- _What is expected_: Leave out all pictures while repeating the records exactly and completely.

- _Entries provided_:
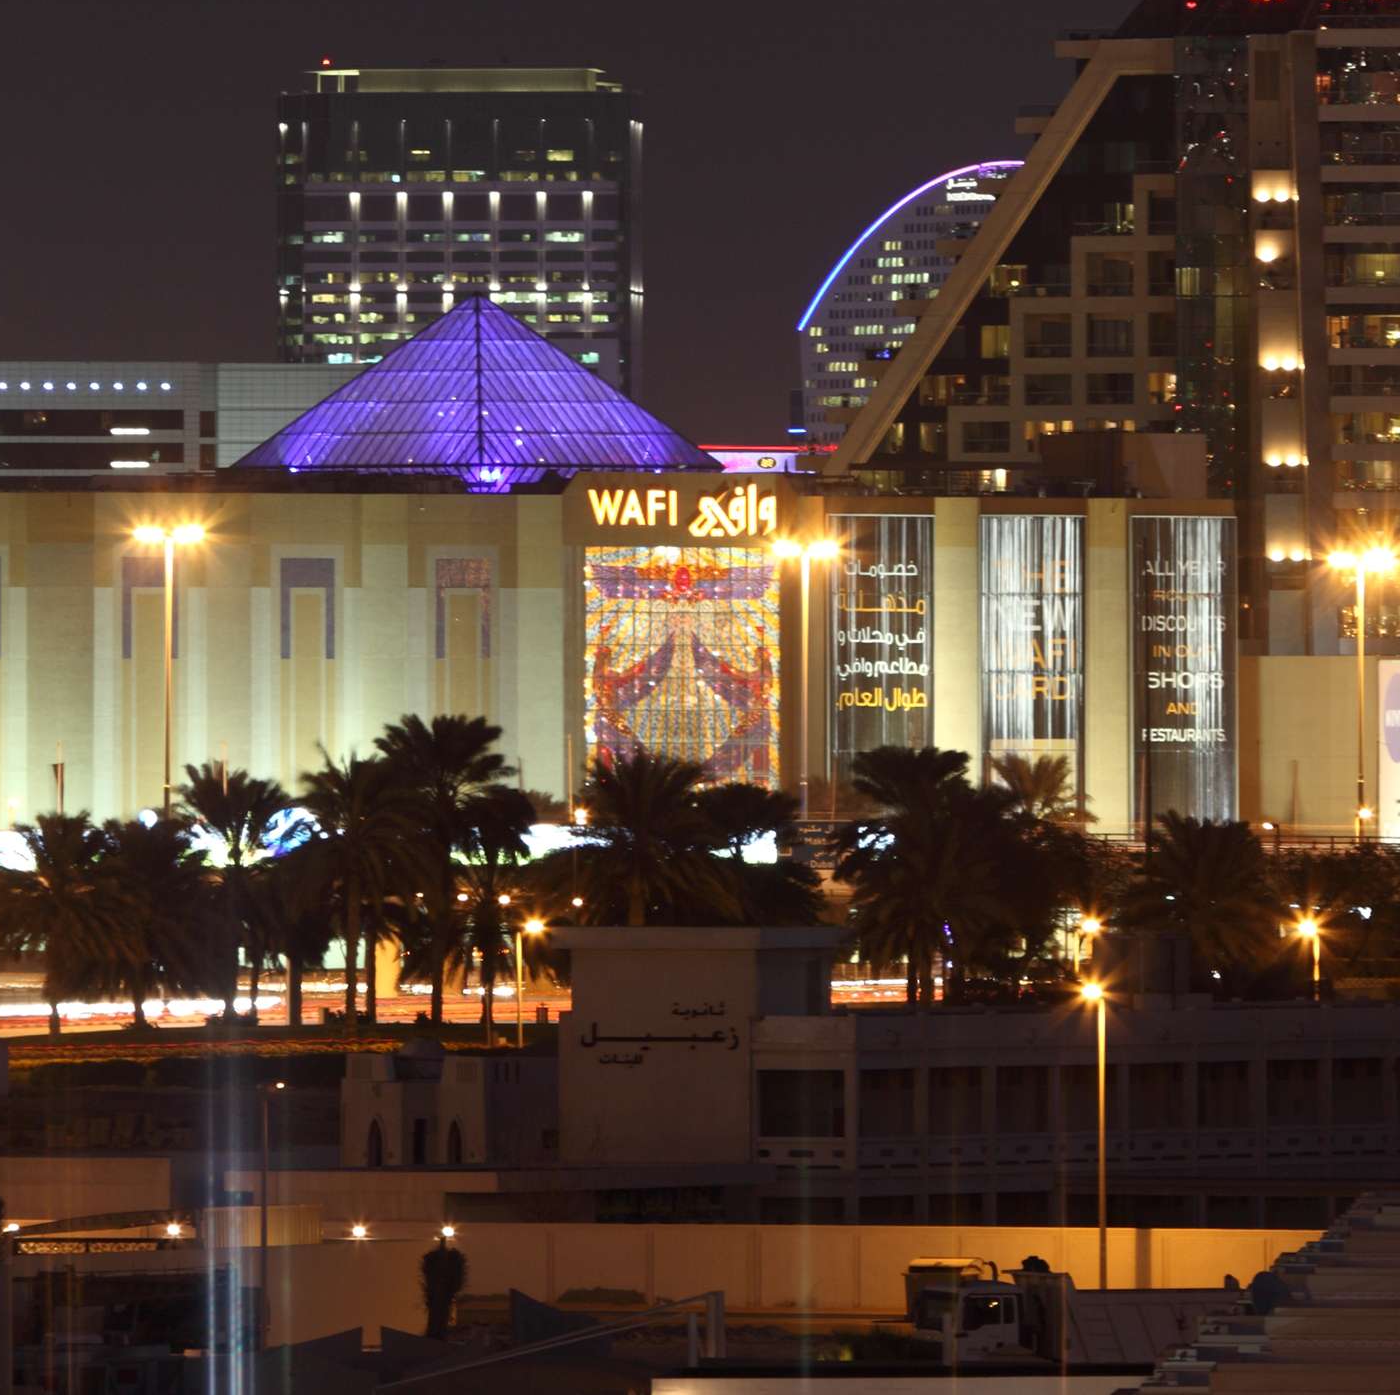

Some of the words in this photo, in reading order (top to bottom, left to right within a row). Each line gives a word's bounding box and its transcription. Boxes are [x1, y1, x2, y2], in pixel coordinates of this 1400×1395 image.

[587, 488, 678, 526] WAFI
[687, 483, 777, 538] وافي
[844, 559, 919, 579] خصومات
[1141, 560, 1176, 576] ALL
[1176, 560, 1227, 576] YER
[1152, 589, 1219, 603] ROU
[1141, 615, 1227, 632] DISCOUTS
[894, 626, 927, 651] في
[1152, 645, 1172, 658] IN
[1175, 644, 1215, 659] OU
[874, 657, 930, 678] مطاعم
[1147, 671, 1225, 689] SHOPS
[883, 687, 929, 712] طوال
[1166, 702, 1202, 715] AND
[579, 1022, 740, 1051] زعبيل

- _Task response_:
Some of the words in this photo, in reading order (top to bottom, left to right within a row). Each line gives a word's bounding box and its transcription. Boxes are [x1, y1, x2, y2], in pixel coordinates of this 1400×1395 image.

[587, 488, 678, 526] WAFI
[687, 483, 777, 538] وافي
[844, 559, 919, 579] خصومات
[1141, 560, 1176, 576] ALL
[1176, 560, 1227, 576] YER
[1152, 589, 1219, 603] ROU
[1141, 615, 1227, 632] DISCOUTS
[894, 626, 927, 651] في
[1152, 645, 1172, 658] IN
[1175, 644, 1215, 659] OU
[874, 657, 930, 678] مطاعم
[1147, 671, 1225, 689] SHOPS
[883, 687, 929, 712] طوال
[1166, 702, 1202, 715] AND
[579, 1022, 740, 1051] زعبيل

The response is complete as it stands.